I've been on OCP (oral contraceptive pills, yet another acronym) for about the last 8 years. I had to switch from normal pills (35mcg estrogen) to micro pills (20mcg estrogen) - I get morning sickness otherwise (we know it's morning sickness rather than a GI side effect because I got it on Premarin as well). No obvious link to dysautonomia issues for me, but definitely try multiple options if one thing isn't working out for you. One other thing to consider talking with your doc about is the Mirena IUD - low-dose progesterone, doesn't need to be taken orally or put in monthly (it sits in your uterus for several years). I can't use it due to vaginismus, but other folks outside our community are big fans.

Hunh - no changes with alcohol for me either, though I've always been a light drinker. I did avoid it for a while when I saw the info page ("Things that hurt"), but in general it doesn't seem to affect me much. Though I've always been super-careful about hydrating, even before the dysautonomia started (one full glass of water for every drink at least). I'll happily drink something next time (but not a pina colada) for everyone who can't drink and stated here that they want someone else to on their behalf. A toast to our survival!

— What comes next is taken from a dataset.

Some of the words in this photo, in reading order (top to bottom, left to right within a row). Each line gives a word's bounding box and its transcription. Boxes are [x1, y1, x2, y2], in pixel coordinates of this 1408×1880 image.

Same here re: irregular sleep. The quarter (I'm in grad school, whoo flexibility) was really rough, and so I was getting 6-8h of sleep a night (I need 9ish, maybe 9.5). Then, once it was over, I started sleeping 10-12 hours a night (in the past I might have done one 10-hour night after a period of sleep deprivation, but not weeks on end). I can get up after 8-9 hours, it's just that I will keep sleeping forever. Grah.

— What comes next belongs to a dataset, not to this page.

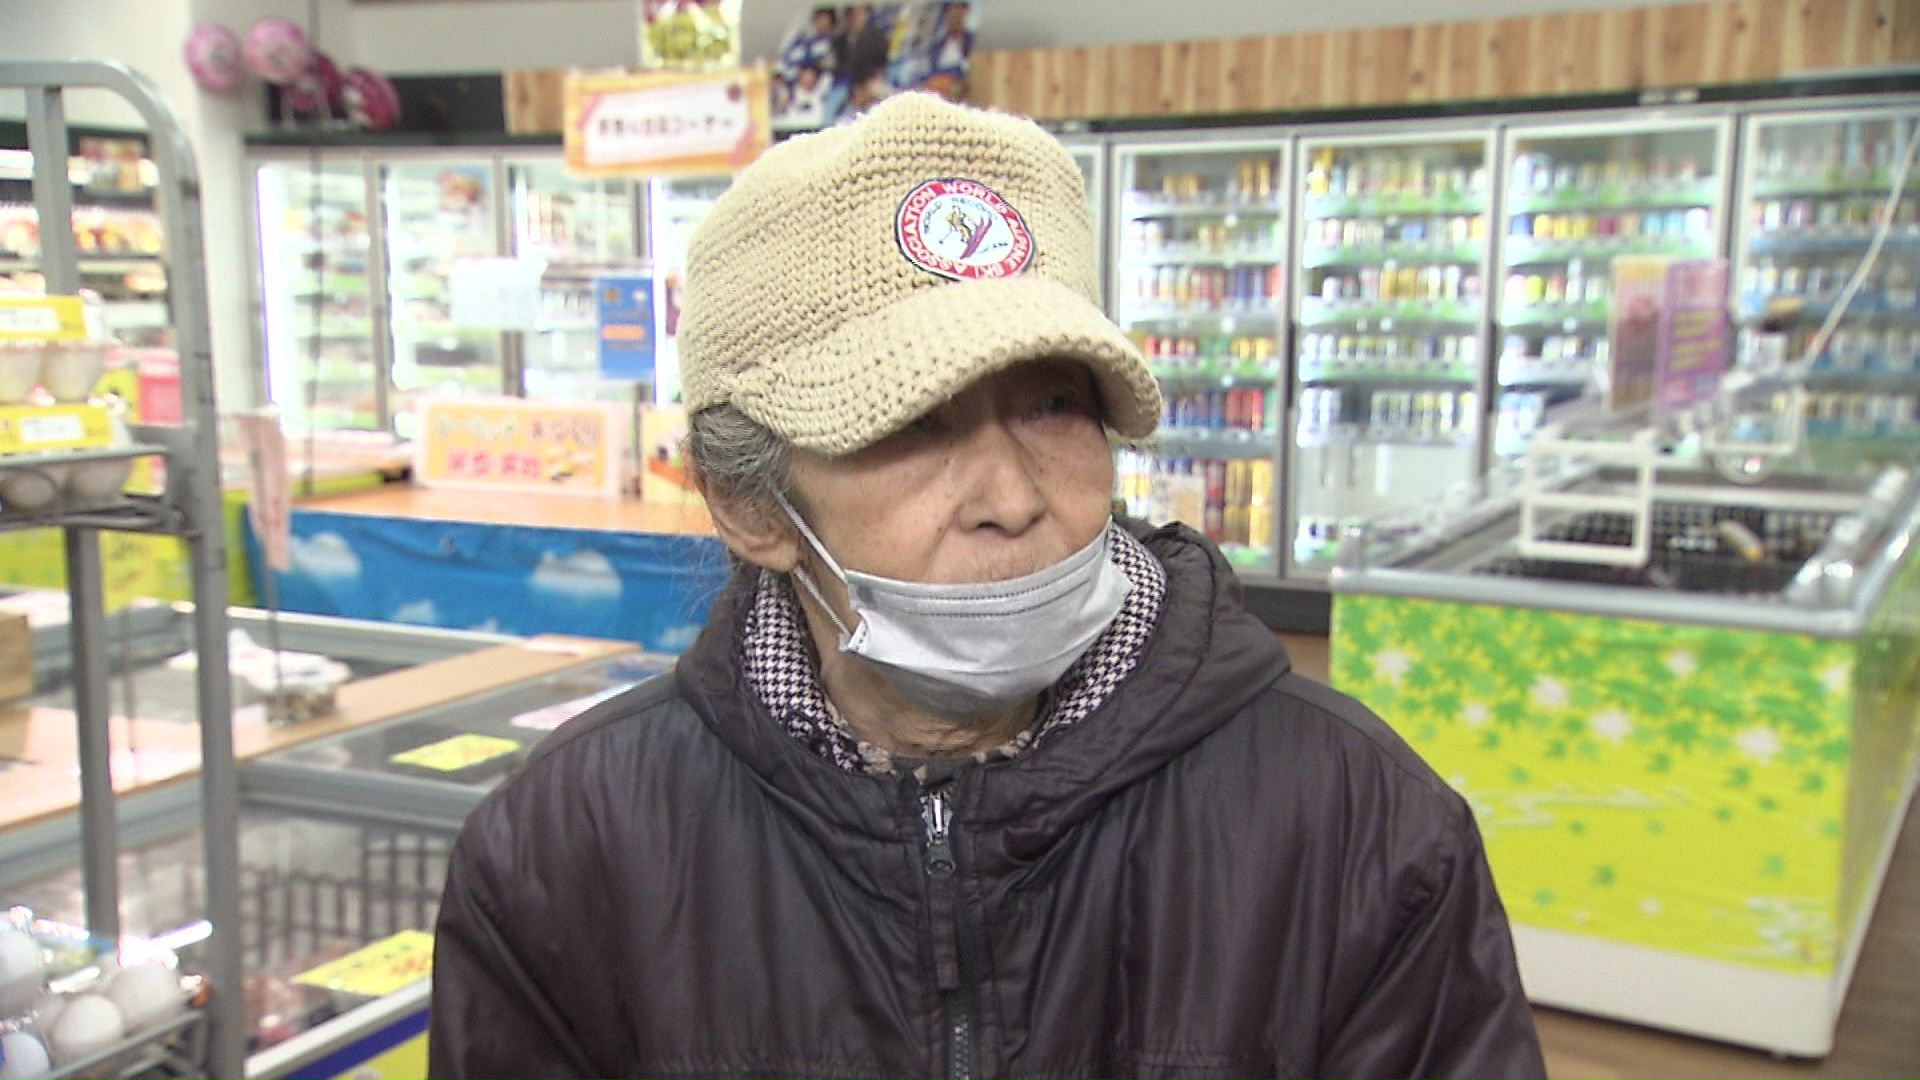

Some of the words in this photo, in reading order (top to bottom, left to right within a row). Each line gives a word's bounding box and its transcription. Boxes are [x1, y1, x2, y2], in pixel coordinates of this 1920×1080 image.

[942, 181, 1008, 214] WORLD
[904, 186, 969, 274] ASSOCIATION
[974, 265, 1005, 277] SKI

I get massage every 2 weeks for my joint issues; I find it also helps stabilize my mood. Very handy. No visible effect on POTS (despite doing it both before and after), sadly.

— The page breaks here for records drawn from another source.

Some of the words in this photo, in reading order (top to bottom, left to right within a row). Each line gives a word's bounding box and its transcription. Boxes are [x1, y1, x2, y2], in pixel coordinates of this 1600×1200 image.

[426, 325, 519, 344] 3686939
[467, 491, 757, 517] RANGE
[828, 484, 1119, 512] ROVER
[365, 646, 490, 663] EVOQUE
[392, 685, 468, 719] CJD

Searched for "papers," "articles," and "publications" but couldn't find one. I know various folks here have been posting topics about journal articles that they found useful - sometimes as separate topics and sometimes included in posts in topics to support various pieces of info on dysautonomia. Is there a way that we can create a list (perhaps on this topic, perhaps elsewhere) of all of the papers that folks have found? That way we (me, at least) can go back and just see what's out there in terms of publication. Surprisingly (or not!) Google Scholar just pulls up papers about pot (the substance) and pots (ceramics or metal fabrication)...

Definitely get a second read on that - and, if you can, try to take your resting pulse (maybe on waking up in the morning before you sit up to duplicate the effect of lying down for so long) several times to get an idea of what it normally is so that whoever else looks at it can get a better idea of what you look like normally :^)

I'm glad you brought this up - I've been having dyspnea (shortness of breath, I guess) since not too long after I started the propranolol - never really connected the two (I assumed it was edema from the Lyrica, which seems to not be the case). The increase from 20mg twice daily to 30mg twice daily has dropped my heart rate something impressive - my sitting heart rate is now around 55, which is low for me (sitting these days is around 75 normally), so I decided it was time to back off. Sadly my neuro is out of town until 6/18, but she's given me the authority to mess with the dosage myself within reason (and is the one who told me to watch for the bradycardia with the increased dose), so I'm comfortable. Thanks for bringing this to my attention!

Here's the article: http://circ.ahajournals.org/content/118/3/e61.long "Postural Tachycardia Syndrome: Perspectives for Patients" (Dr. Grubb) It has a great flowchart that's worth a look, and is generally patient-oriented rather than full of medicalese.